Career Pathways Grant Strengthens Summer Youth Program by Training SEPTA Employees to be Mentors
Posted July 2014
On June 25, students and their families attended the SEPTA TWU Summer Youth Program Orientation Night hosted at the Transport Workers Union Local 234 Hall. Representatives for Philadelphia Academies recruited the students from four Philadelphia Career and Technical Schools, Mastbaum, Swenson, South Philadelphia and The Workshop School. At the orientation, participants received the student manual from TWU Local 234 Apprenticeship Coordinator John Johnson, Jr. and filled out employment forms. The participants and their parents also signed agreements to document their commitment for their participation, support, and dress code.
During the course of this program, which started on Monday June 30, the participants will work will keep a journal of their learning and work closely with mentors. These thirteen mentors are Transport Workers Union Local 234 members who attended train-the-trainer classes provided by Keystone Development Partnership and subsidized by a Career Pathways grant managed by the Transportation Learning Center. SEPTA provided the facilities and time for the mentors designated by TWU. The sessions included:
* Background information on the SEPTA TWU Summer Youth Program
* Information on the application process for the high school students
* An introduction to learning styles
* An introduction teaching techniques for the mentors.

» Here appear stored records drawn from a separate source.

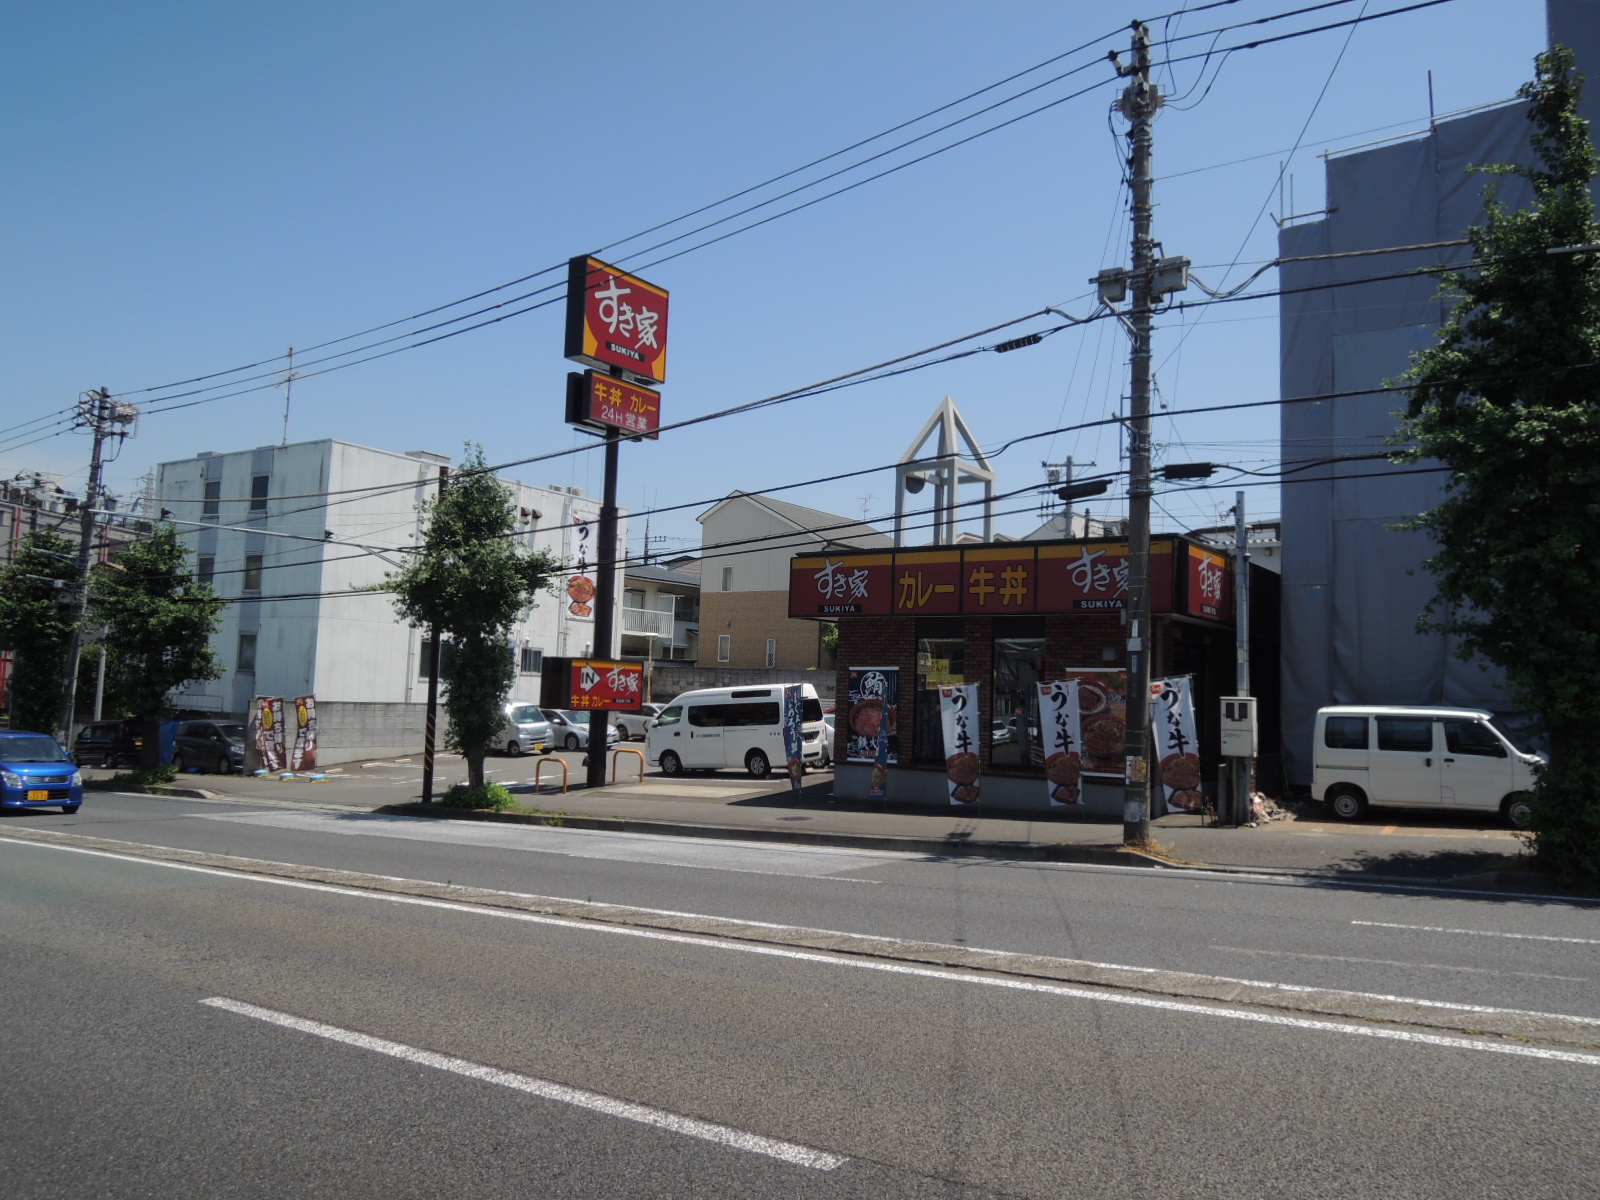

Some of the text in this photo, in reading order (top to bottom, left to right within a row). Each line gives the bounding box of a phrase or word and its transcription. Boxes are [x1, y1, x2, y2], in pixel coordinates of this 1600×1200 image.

[594, 274, 659, 349] すき家
[610, 343, 640, 360] SUKIYA
[594, 382, 657, 414] 牛丼 カレー
[813, 558, 869, 604] すき家
[898, 564, 1028, 609] カレー 牛丼
[1198, 551, 1222, 605] すき家
[823, 605, 855, 613] SUKIYA
[1080, 600, 1123, 608] SUKIYA
[581, 672, 595, 684] IN
[606, 664, 639, 696] すき家
[571, 694, 611, 708] 牛丼 カレー
[1050, 684, 1075, 755] うな牛
[1160, 682, 1190, 757] うな牛
[951, 687, 973, 756] うな牛
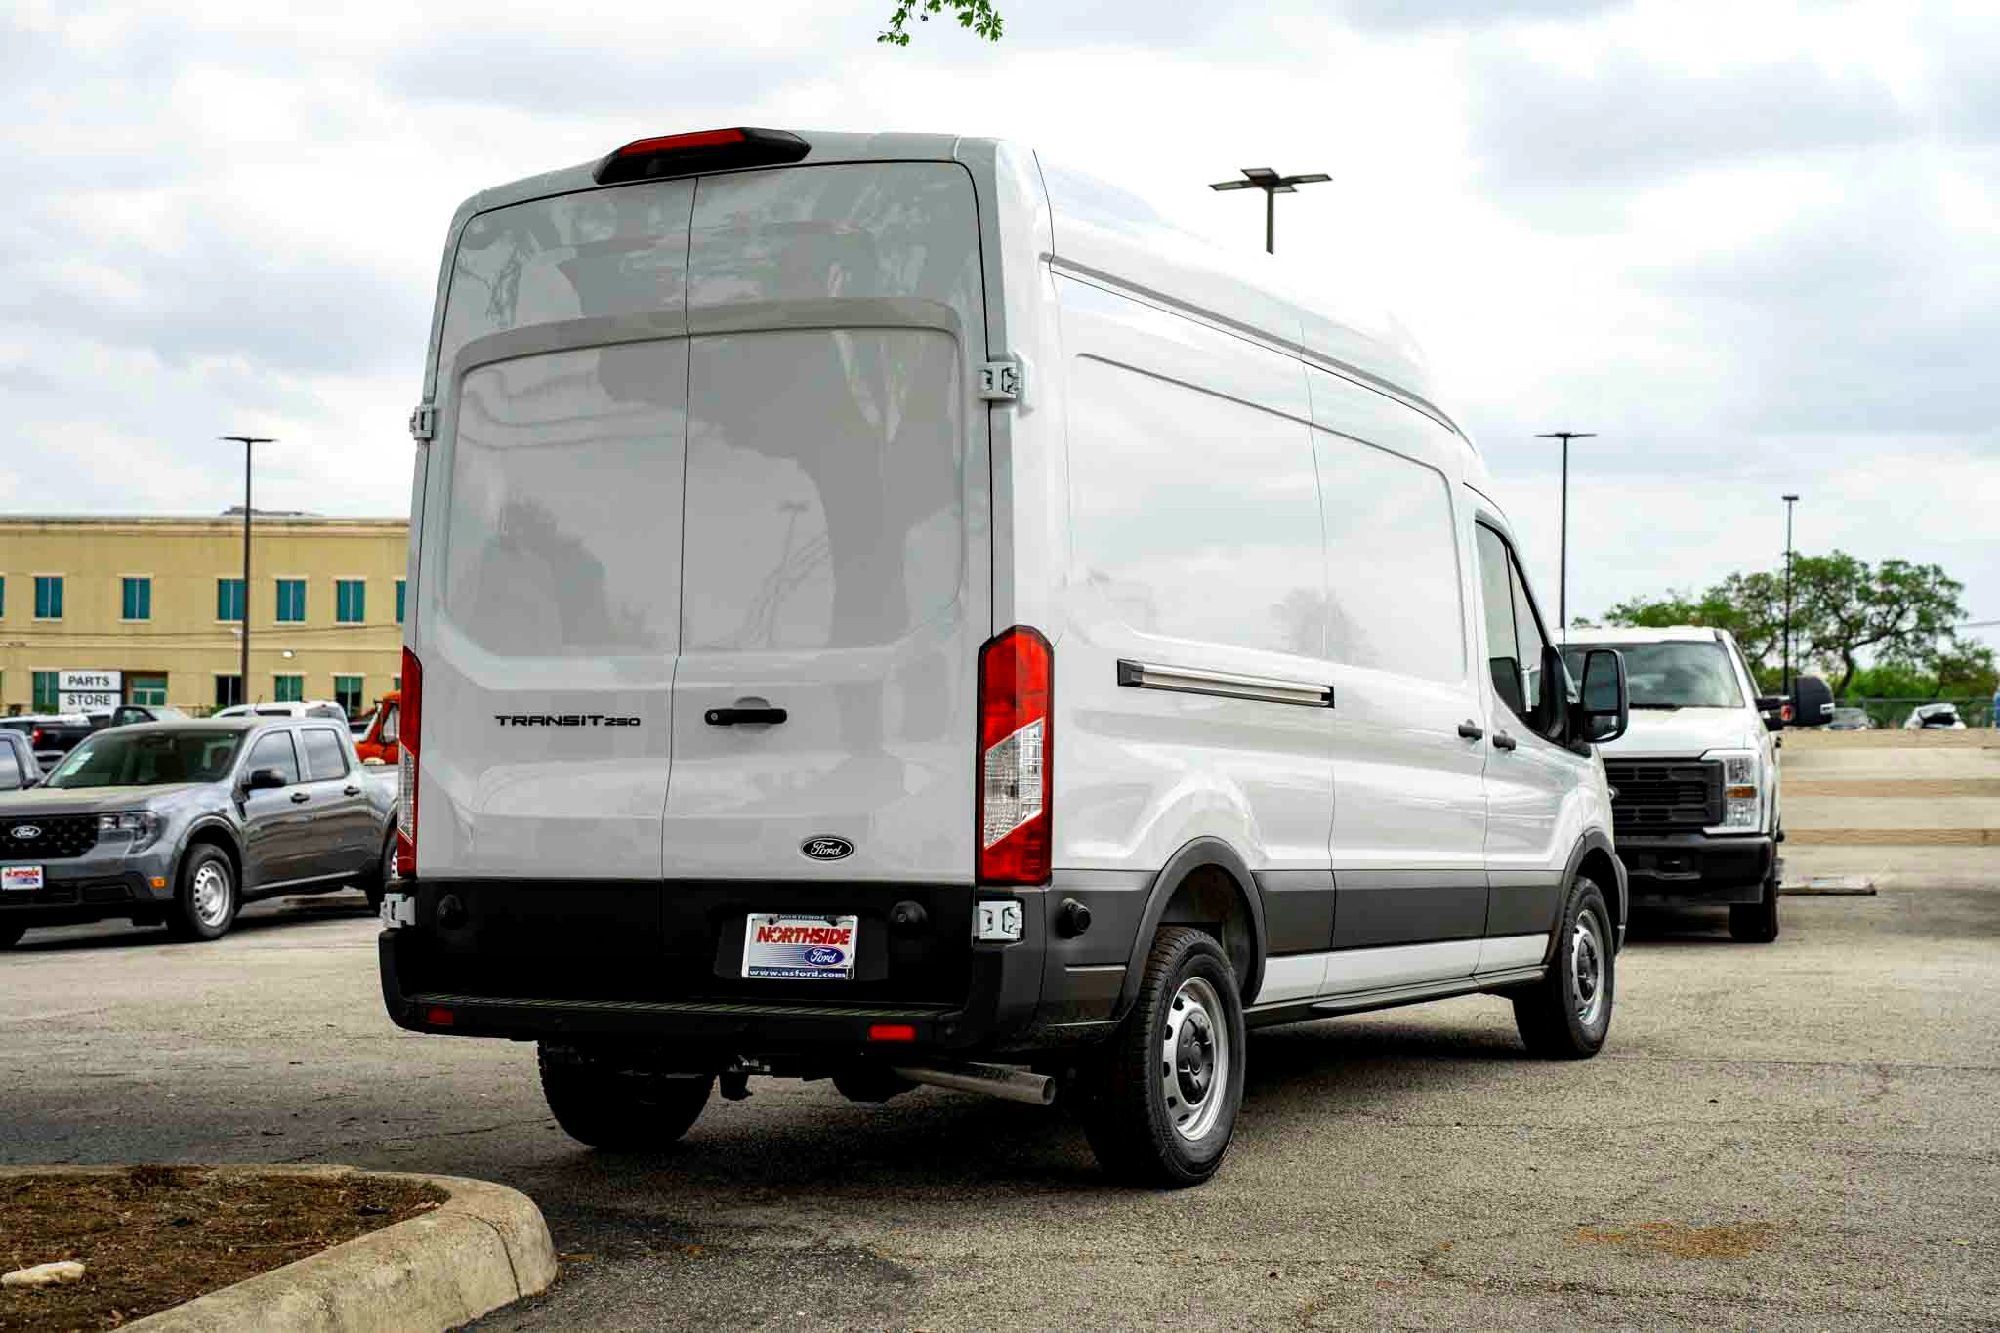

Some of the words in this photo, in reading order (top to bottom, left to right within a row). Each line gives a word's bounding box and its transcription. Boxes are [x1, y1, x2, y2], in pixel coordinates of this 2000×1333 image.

[68, 676, 110, 687] PARTS
[68, 694, 110, 705] STORE
[811, 841, 842, 855] Ford
[757, 926, 852, 945] NORTHSIDE
[811, 948, 837, 963] Ford
[749, 969, 846, 978] www.nsford.com
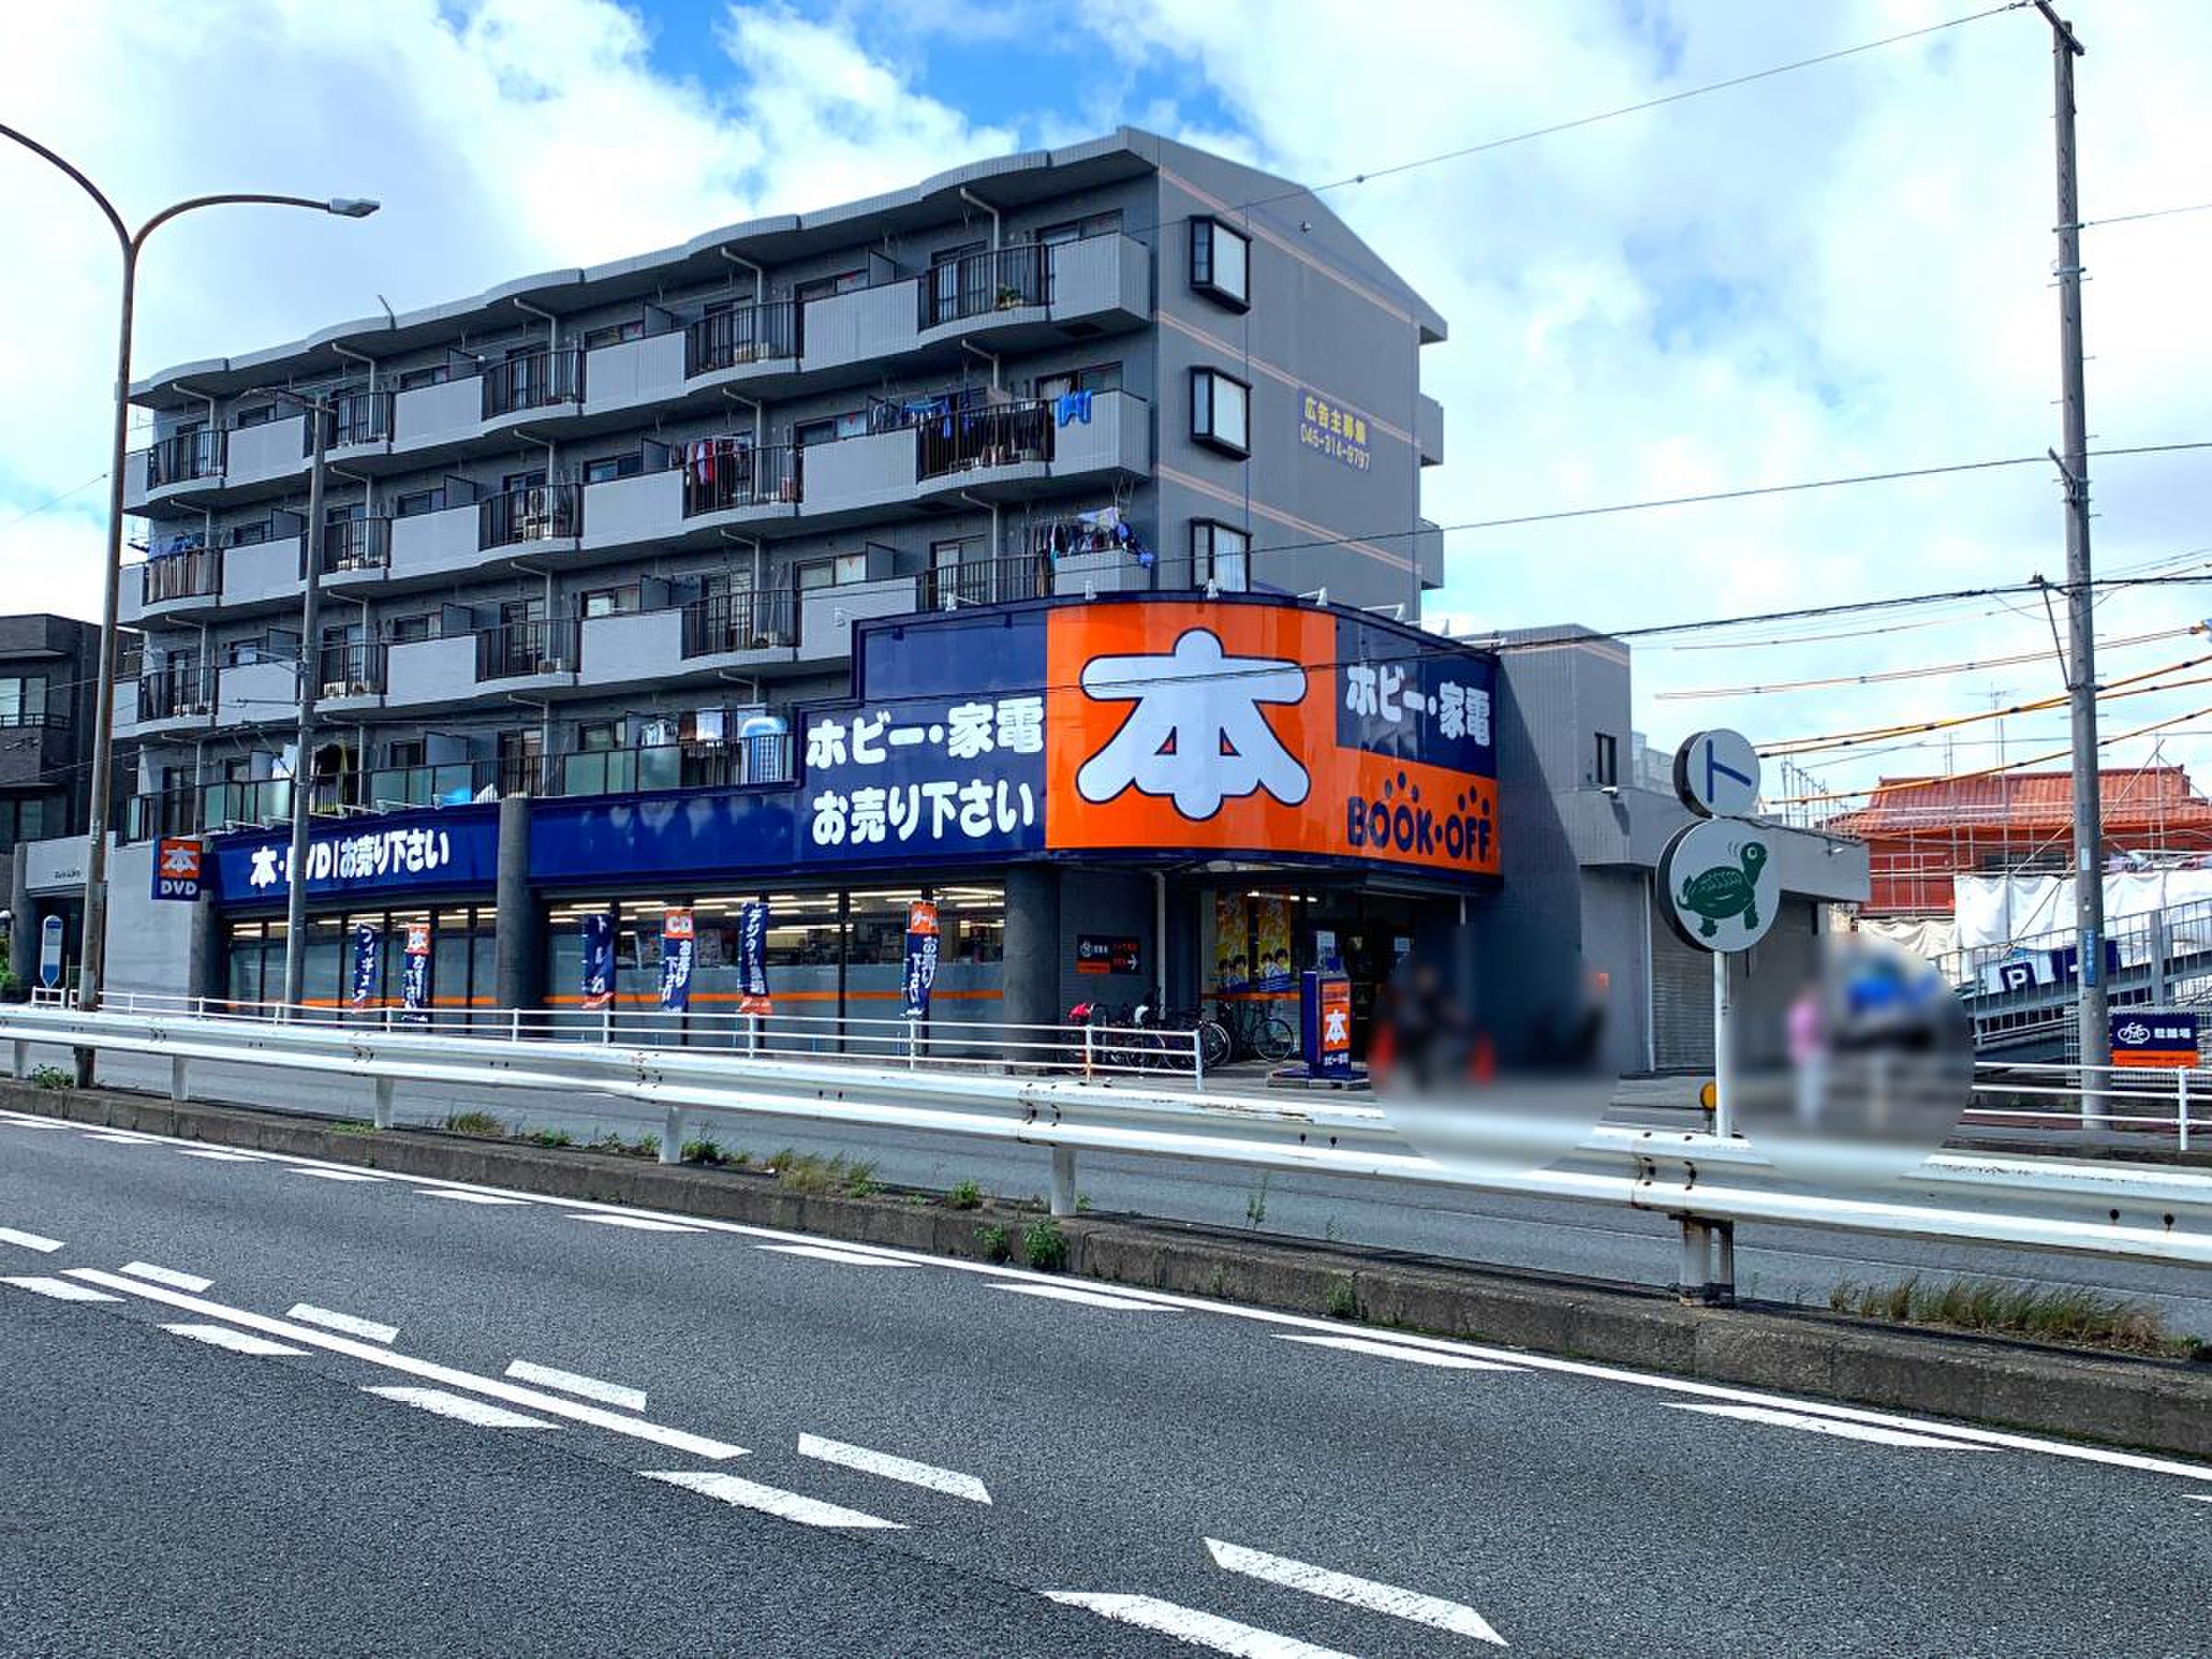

The mentors participated in exercises and role playing scenarios to help them improve their mentoring skills. The hundreds of years combined work experience of the mentors provides the foundation for the students interested in pursuing careers in public transit. Some mentors recently graduated from the TWU SEPTA Apprenticeship and said that they volunteered to be mentors so that they could “give back” to the training program. Students who attended the Summer Youth Program in previous years expressed their appreciation for the mentors and how they learned from these qualified role models.